» **GOAL OF THE EXERCISE**
When you transcribe the data below, reproduce every line exactly and leave each picture out.

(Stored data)
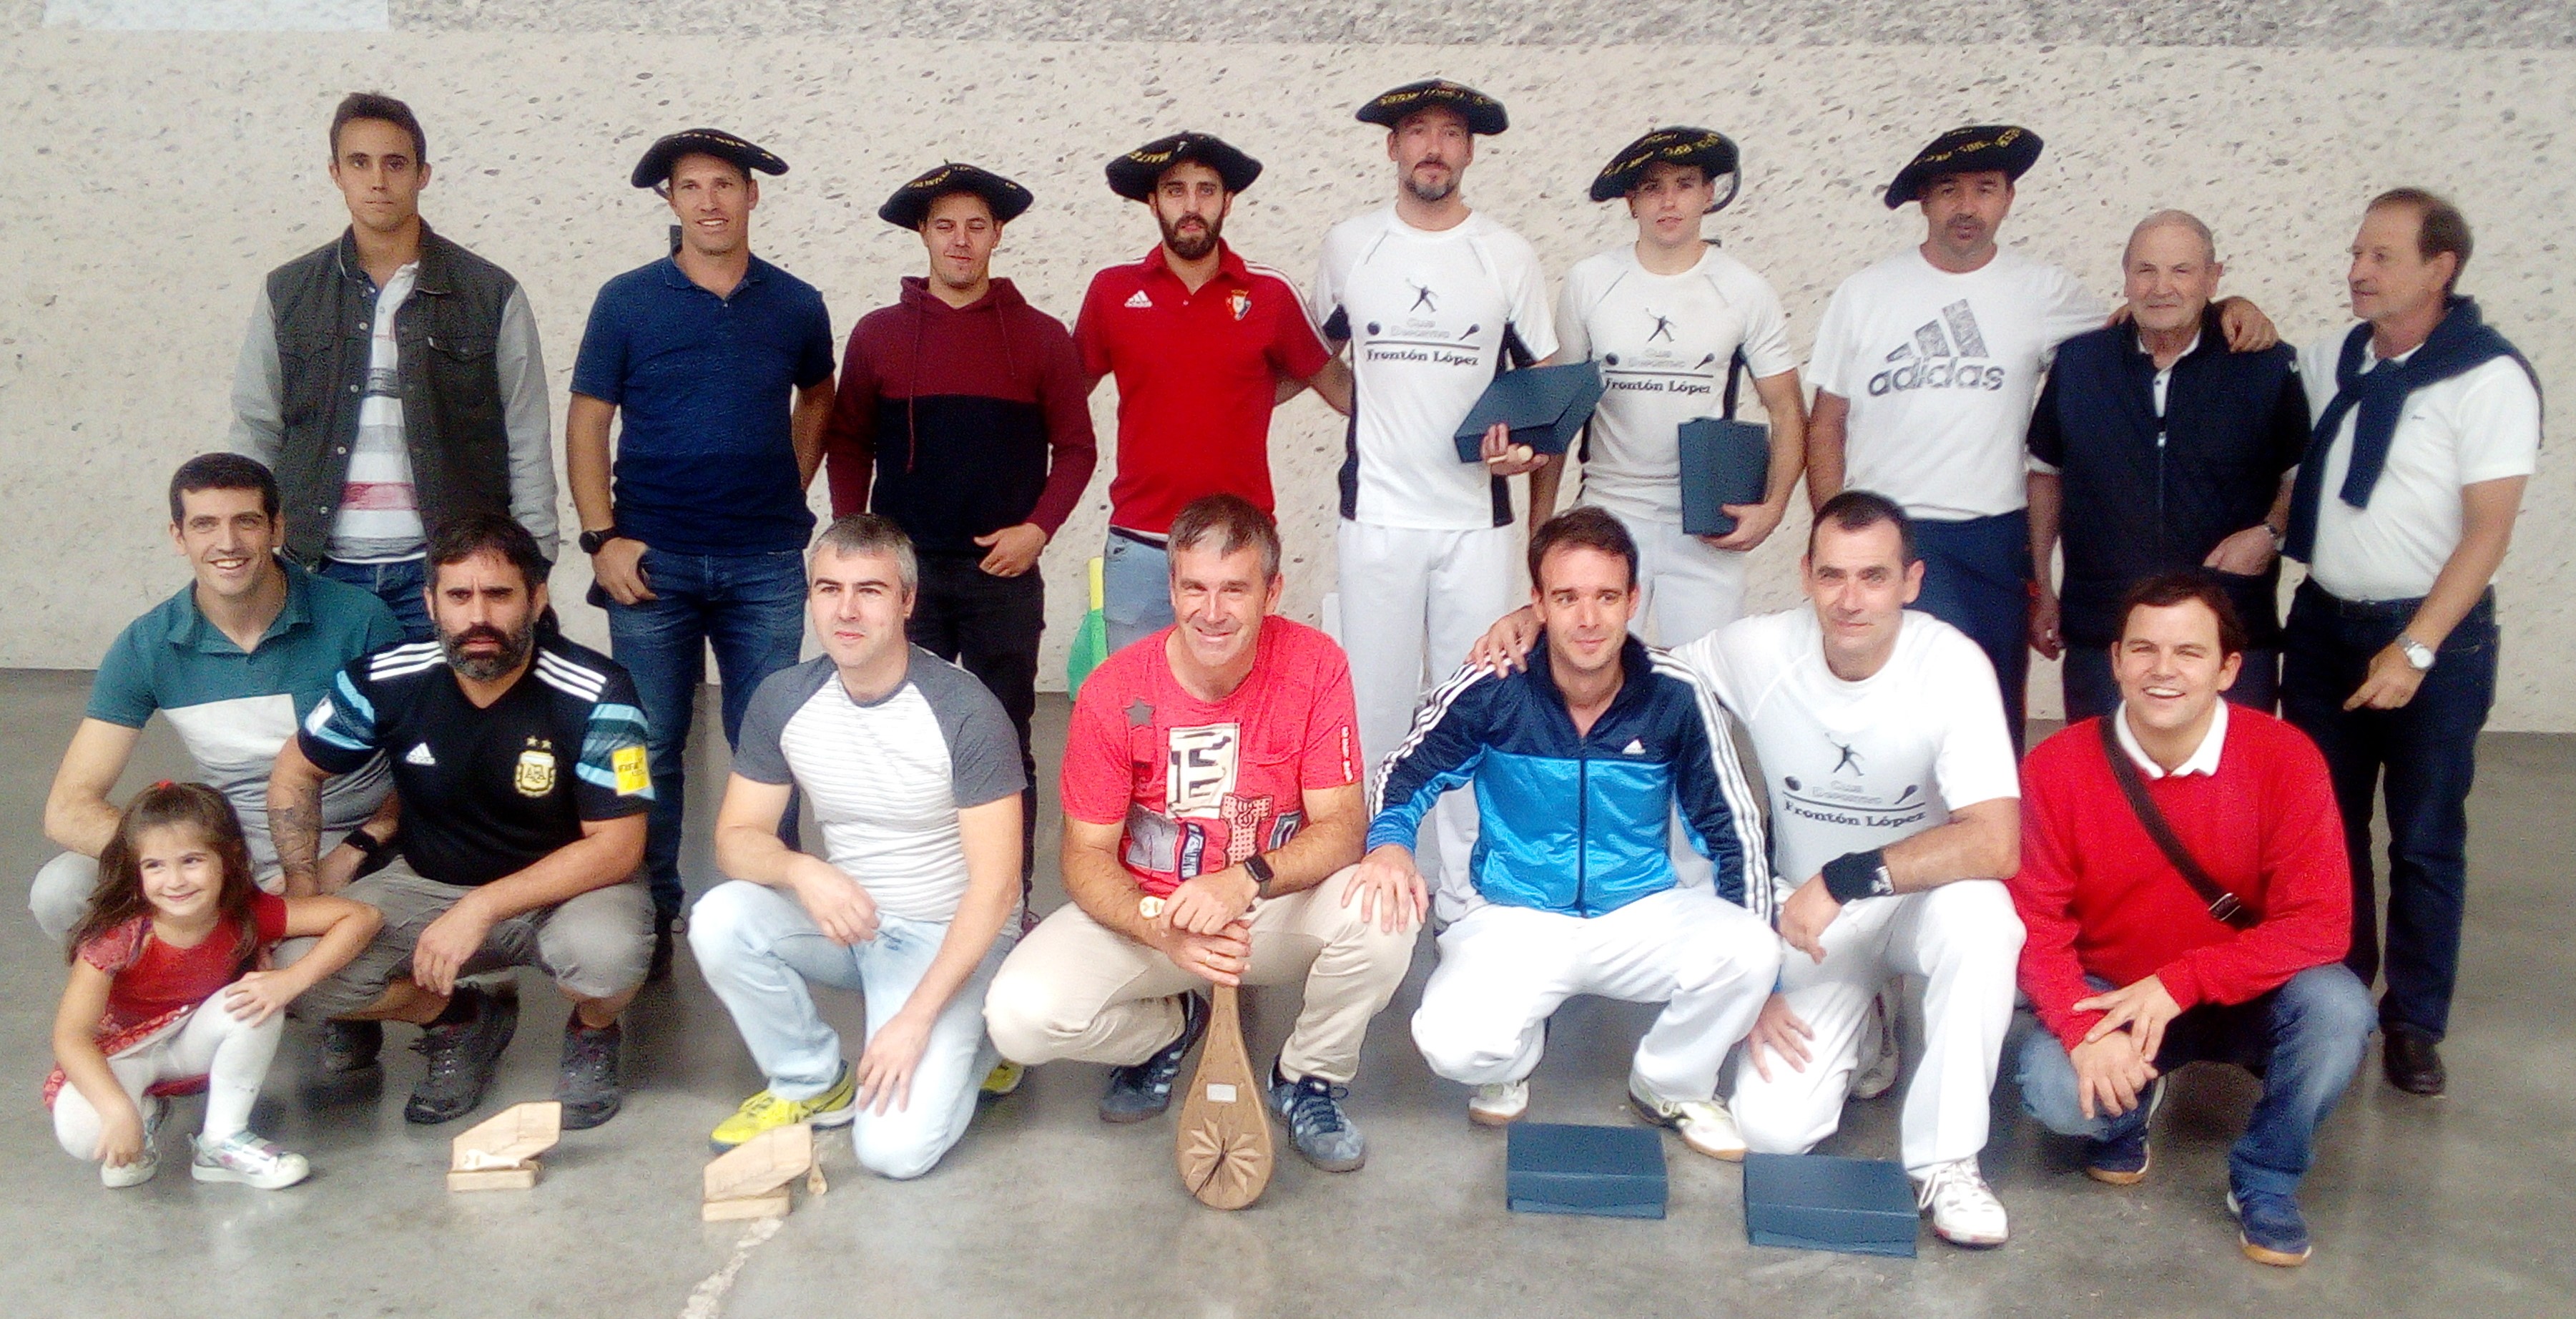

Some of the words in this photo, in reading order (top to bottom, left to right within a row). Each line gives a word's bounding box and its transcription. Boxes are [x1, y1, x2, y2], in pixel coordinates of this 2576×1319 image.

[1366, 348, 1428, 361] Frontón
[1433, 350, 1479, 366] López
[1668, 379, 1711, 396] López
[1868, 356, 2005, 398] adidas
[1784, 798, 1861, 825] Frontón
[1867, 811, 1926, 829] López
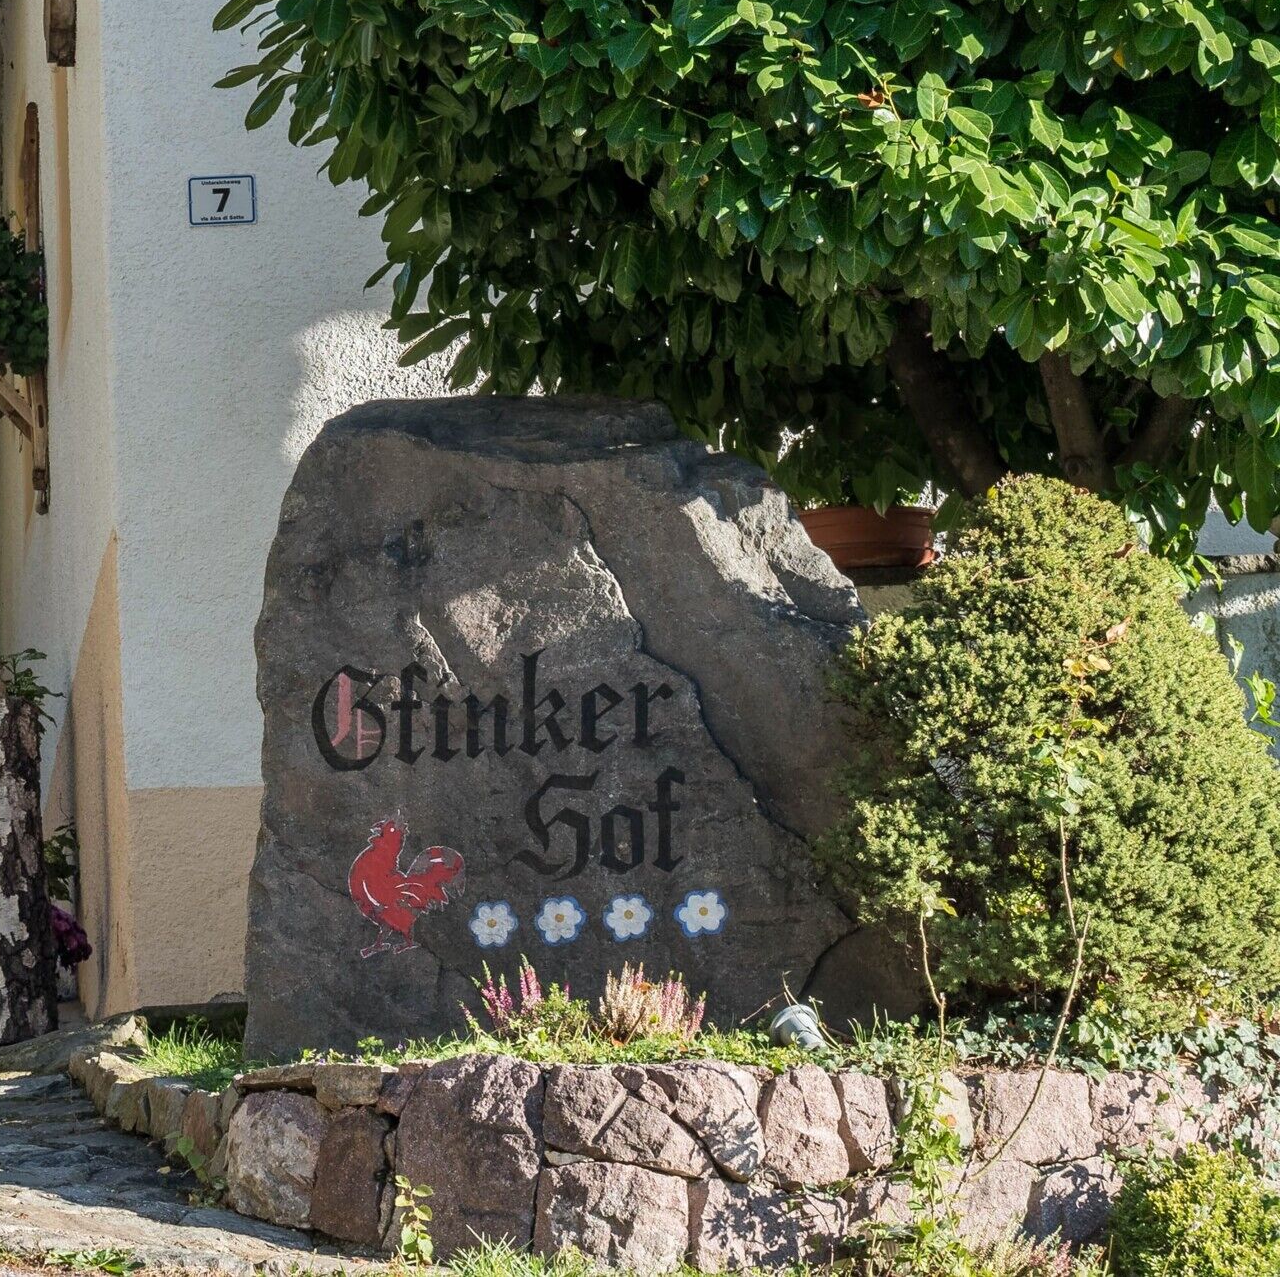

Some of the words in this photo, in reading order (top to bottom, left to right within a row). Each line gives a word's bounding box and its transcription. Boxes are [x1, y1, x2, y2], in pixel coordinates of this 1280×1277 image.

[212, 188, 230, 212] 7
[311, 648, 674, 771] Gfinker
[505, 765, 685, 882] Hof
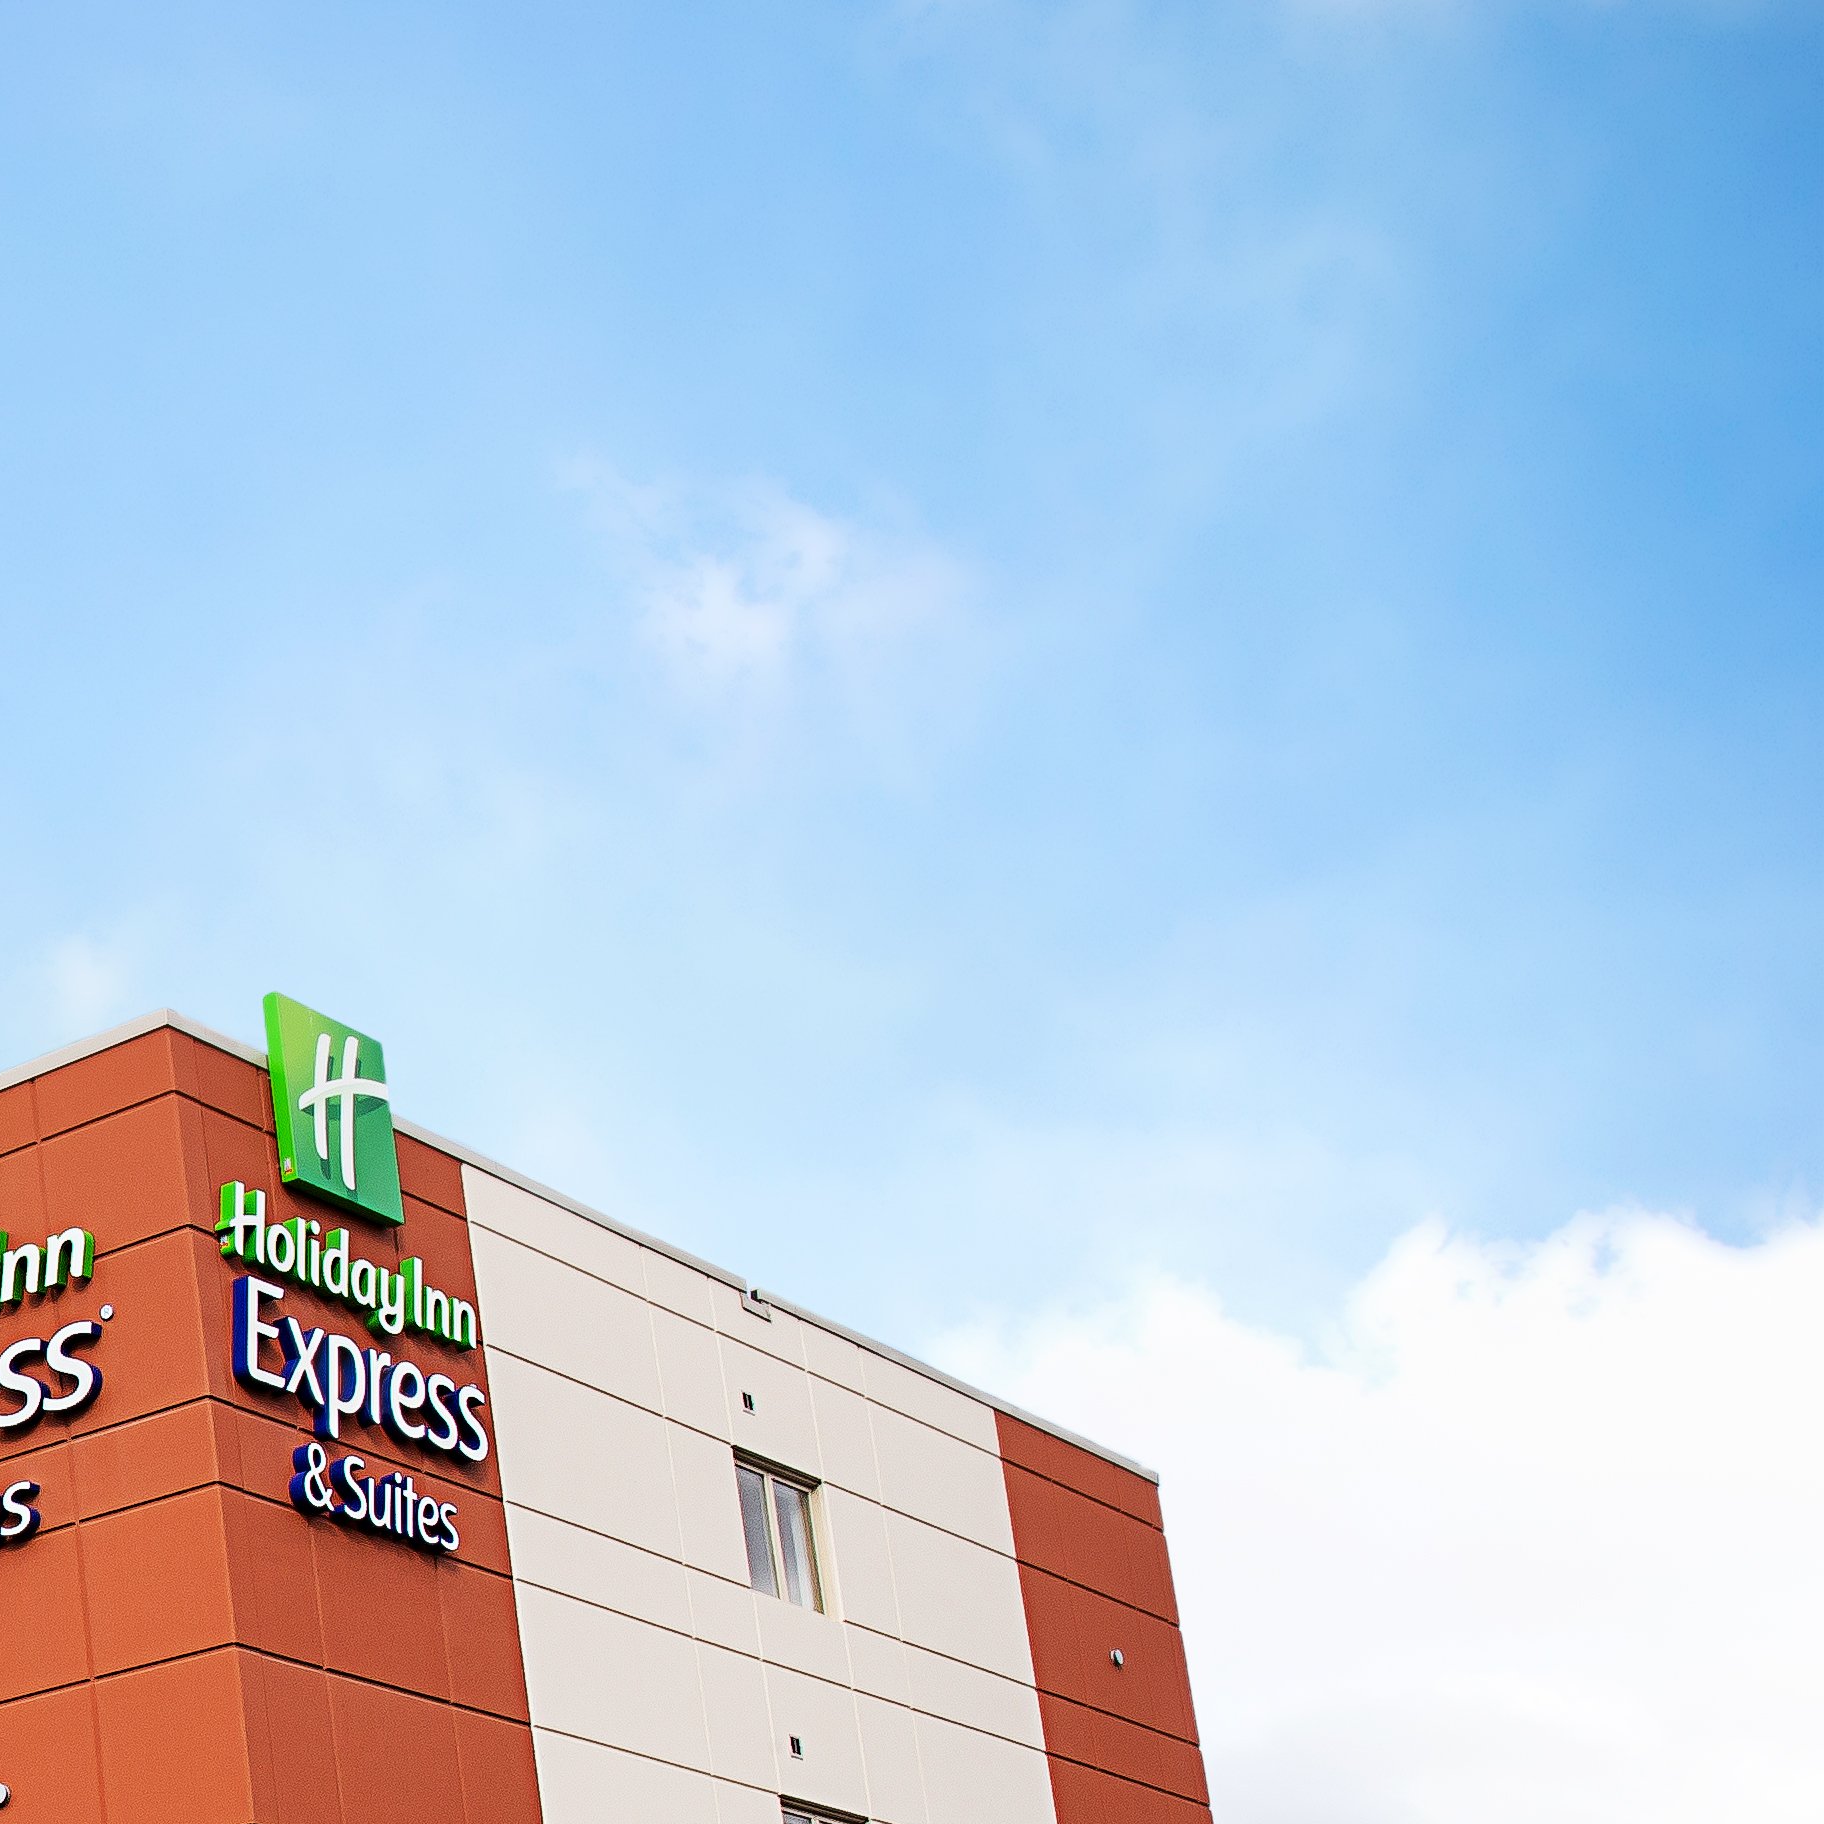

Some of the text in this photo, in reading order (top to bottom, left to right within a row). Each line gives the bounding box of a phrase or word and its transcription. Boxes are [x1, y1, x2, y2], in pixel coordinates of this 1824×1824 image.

» **PROBLEM SOLUTION**
Some of the words in this photo, in reading order (top to bottom, left to right within a row). Each line gives a word's bounding box and its transcription. Boxes are [x1, y1, x2, y2], in pixel coordinates of this 2576×1319 image.

[1366, 348, 1428, 361] Frontón
[1433, 350, 1479, 366] López
[1668, 379, 1711, 396] López
[1868, 356, 2005, 398] adidas
[1784, 798, 1861, 825] Frontón
[1867, 811, 1926, 829] López

Some of the words in this photo, in reading order (top to bottom, left to right within a row). Each line gives a word's bounding box and its transcription. Boxes are [x1, y1, x2, y2], in pixel coordinates of this 1280×1277 image.

[212, 188, 230, 212] 7
[311, 648, 674, 771] Gfinker
[505, 765, 685, 882] Hof

Some of the text in this photo, in reading order (top to bottom, left to right within a row). Each line gives the bounding box of a phrase or word and its transcription. Boxes are [x1, y1, x2, y2], in pixel coordinates of this 1824×1824 image.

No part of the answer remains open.